“What Shall We Give?”

“What Shall We Give?” December 26, 2018

 

Alexandria at dusk
Sunset in Alexandria, Egypt, in 2006    (Wikimedia Commons public domain photograph)

 

I know.  I know.  Christmas is over.

 

But I still have some good stuff that’s related to Christmas that I want to share.  So here are three such items:

 

Jonah Goldberg — if you ponder his name for a while, you’ll begin to suspect that he may not be a Bolivian Catholic — offers up a stimulating and sometimes really funny little essay on

 

“The War on Christmas”

 

And I also really, really like this essay by Kevin Williamson:

 

“‘Bless All the Dear Children in Thy Tender Care’: This is not a story about inevitability but a story about choice, a choice that it is not given to us to understand entirely.”

 

Finally, the Tabernacle Choir performs Mack Wilberg’s beautiful arrangement of one of the most beautiful of Christmas songs:

 

“What Shall We Give?”

 

***

 

And, indeed, what shall we give?

 

As I say, and as you well know, Christmas is over.  It’s past.  (Of course, there are only about 364 shopping days left until the next one, so it’s best to get a move on!)

 

To me, even growing up in southern California, where the weather around this time of the year is typically beautiful, I found the days immediately after Christmas somewhat sad.  Even Christmas afternoon itself was a bit depressing.  After all, I had been looking forward to the holiday with rapidly mounting excitement for a month or more and then, suddenly, it was over.  Finished.  Dead and gone.  And living in Utah — for me, at least — is still worse.  The occasionally day of fresh snow and blue skies is a joy, but, too often, it’s bare trees and dirty scraps of snow and a gray sky barely over head.

 

““It is winter in Narnia,” said Mr.
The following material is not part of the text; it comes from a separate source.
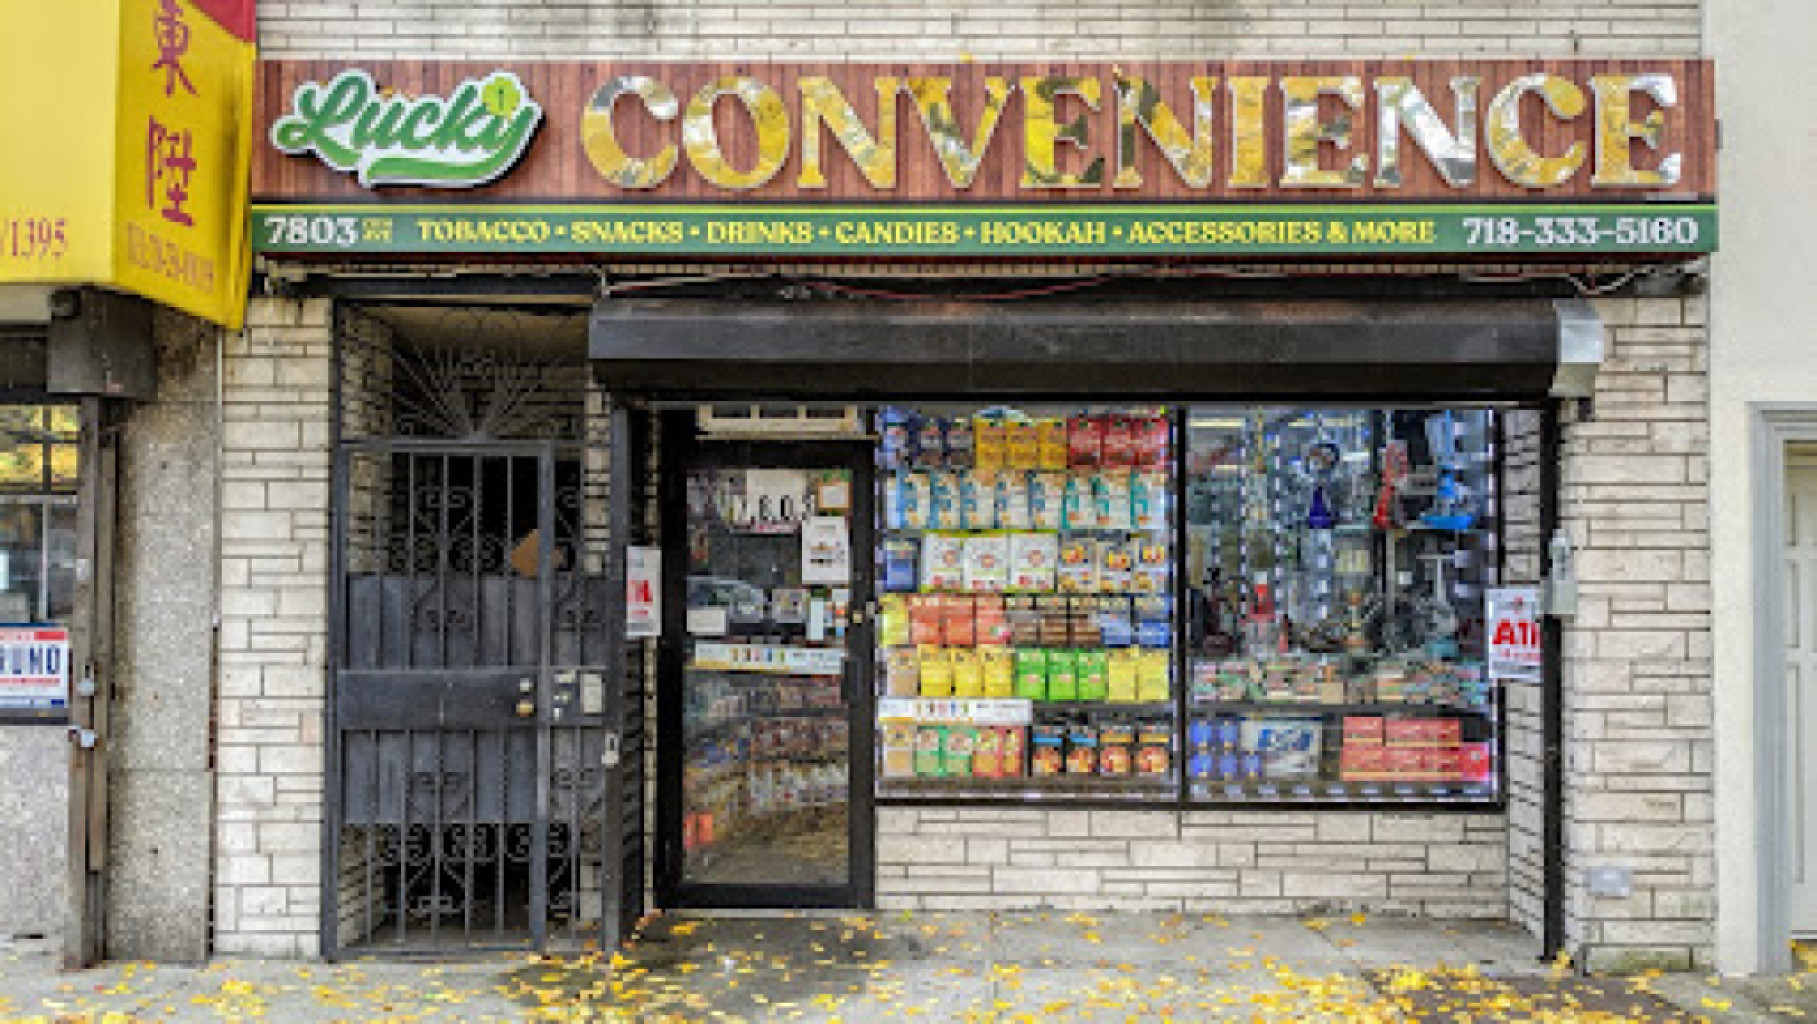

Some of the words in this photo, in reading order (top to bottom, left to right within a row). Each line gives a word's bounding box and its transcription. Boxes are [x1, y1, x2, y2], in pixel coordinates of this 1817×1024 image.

Tumnus, “and has been for ever so long…. always winter, but never Christmas.”  (C. S. Lewis, The Lion, the Witch, and the Wardrobe)

 

Moreover, material gifts, to the extent that I still receive them, have substantially lost their power to thrill.  So Christmas isn’t quite the magical festival of receiving presents that it once was.

 

But I’ve found a compensatory truth:  Giving has not lost its power.  On the contrary, for me it’s gained power.

 

And the year isn’t over — which, for citizens of the United States, anyway, under the regime of the Internal Revenue Service — means that we still have several days in which to give at something of a government-granted discount.

 

So I want to remind you of some worthy causes, chosen from among thousands that I might have named:

 

The Interpreter Foundation

 

Liahona Children’s Foundation

 

Operation Underground Railroad

 

LDS Humanitarian Service

 

Incidentally, I want to thank all of those who have contributed thus far to my Facebook fundraiser for the Interpreter Foundation.  You’re forcing me to put in my matching donation now, and my wife has already put hers in.  That’s slightly painful for us, because we’re not quite as rich as my mercenary career in apologetics seems to suggest to a few observers.  But, as the dying heros in old Western movies used to like to say, it’s a good sort of pain.  Thank you!